**Work instructions**
Output only the lines below that start at the line containing "this 1333×1333 image." and end at the line containing "this 1600×1067 image.", with both ends kept.

*** Records to use ***

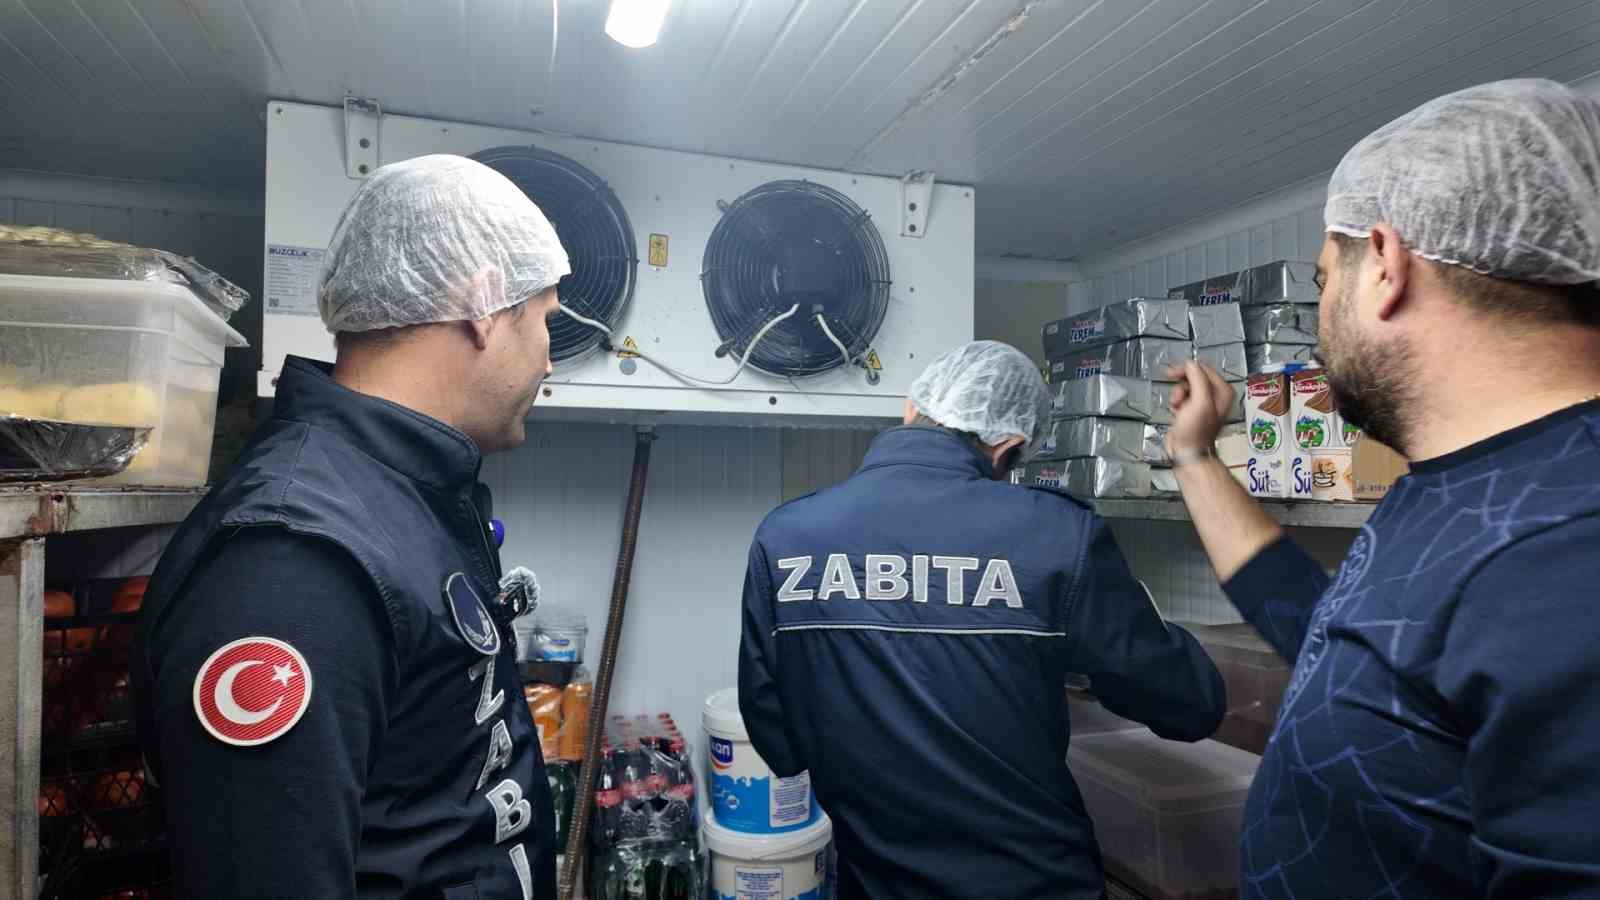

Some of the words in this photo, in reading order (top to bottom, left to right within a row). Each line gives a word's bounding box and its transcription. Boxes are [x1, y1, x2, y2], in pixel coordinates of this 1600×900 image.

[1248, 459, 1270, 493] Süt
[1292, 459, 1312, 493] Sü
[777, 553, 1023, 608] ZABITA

***
*** Records to use ***

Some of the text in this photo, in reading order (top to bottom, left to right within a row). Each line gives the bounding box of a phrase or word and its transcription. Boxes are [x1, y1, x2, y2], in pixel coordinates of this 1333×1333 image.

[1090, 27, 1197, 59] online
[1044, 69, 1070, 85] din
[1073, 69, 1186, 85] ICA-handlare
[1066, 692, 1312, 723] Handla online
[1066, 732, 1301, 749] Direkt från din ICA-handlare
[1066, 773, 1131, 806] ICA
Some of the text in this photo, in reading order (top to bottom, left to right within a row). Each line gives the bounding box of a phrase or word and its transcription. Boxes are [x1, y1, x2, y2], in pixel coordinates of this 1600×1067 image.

***
*** Records to use ***

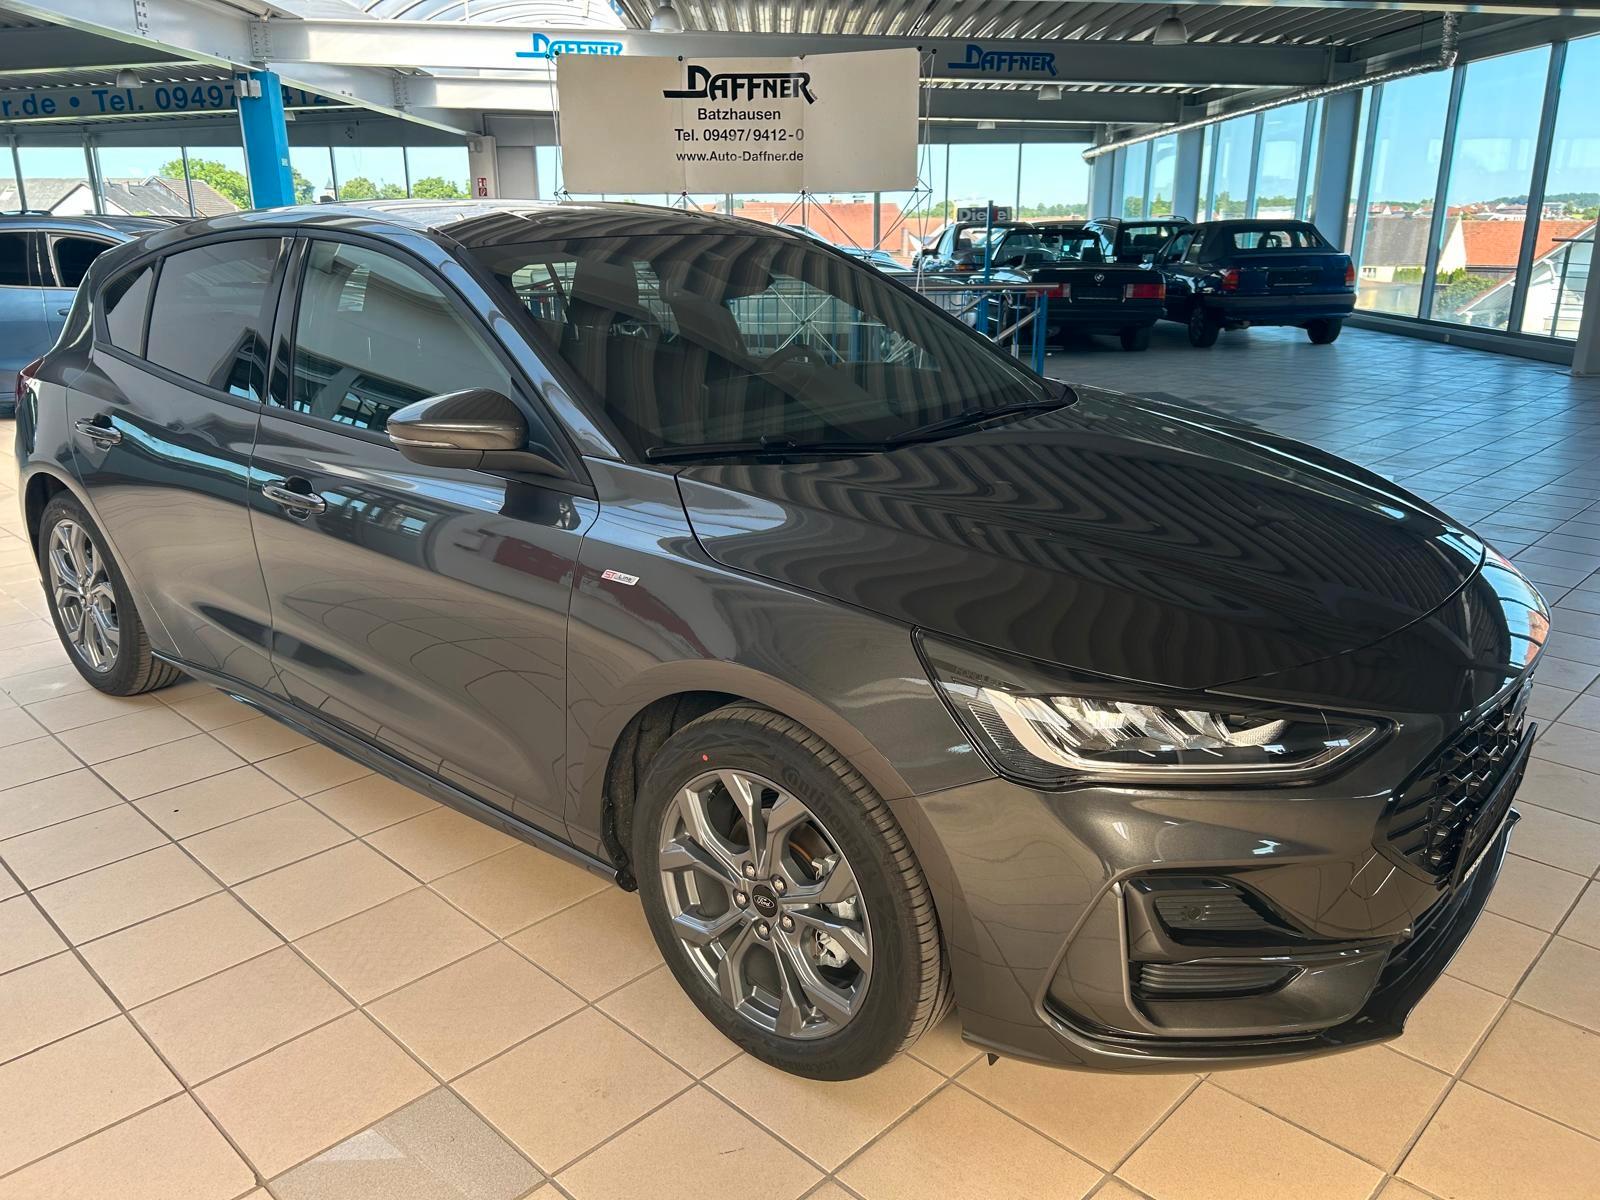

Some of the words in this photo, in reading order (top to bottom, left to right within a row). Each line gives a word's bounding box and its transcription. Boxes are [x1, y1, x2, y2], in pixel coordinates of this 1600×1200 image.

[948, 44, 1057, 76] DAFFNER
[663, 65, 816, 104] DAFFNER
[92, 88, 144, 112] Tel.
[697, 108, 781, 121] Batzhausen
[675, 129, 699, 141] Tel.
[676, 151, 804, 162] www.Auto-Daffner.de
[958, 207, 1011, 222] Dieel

***

**Answer box**
Some of the text in this photo, in reading order (top to bottom, left to right within a row). Each line gives the bounding box of a phrase or word and its transcription. Boxes are [x1, y1, x2, y2], in pixel coordinates of this 1333×1333 image.

[1090, 27, 1197, 59] online
[1044, 69, 1070, 85] din
[1073, 69, 1186, 85] ICA-handlare
[1066, 692, 1312, 723] Handla online
[1066, 732, 1301, 749] Direkt från din ICA-handlare
[1066, 773, 1131, 806] ICA
Some of the text in this photo, in reading order (top to bottom, left to right within a row). Each line gives the bounding box of a phrase or word and its transcription. Boxes are [x1, y1, x2, y2], in pixel coordinates of this 1600×1067 image.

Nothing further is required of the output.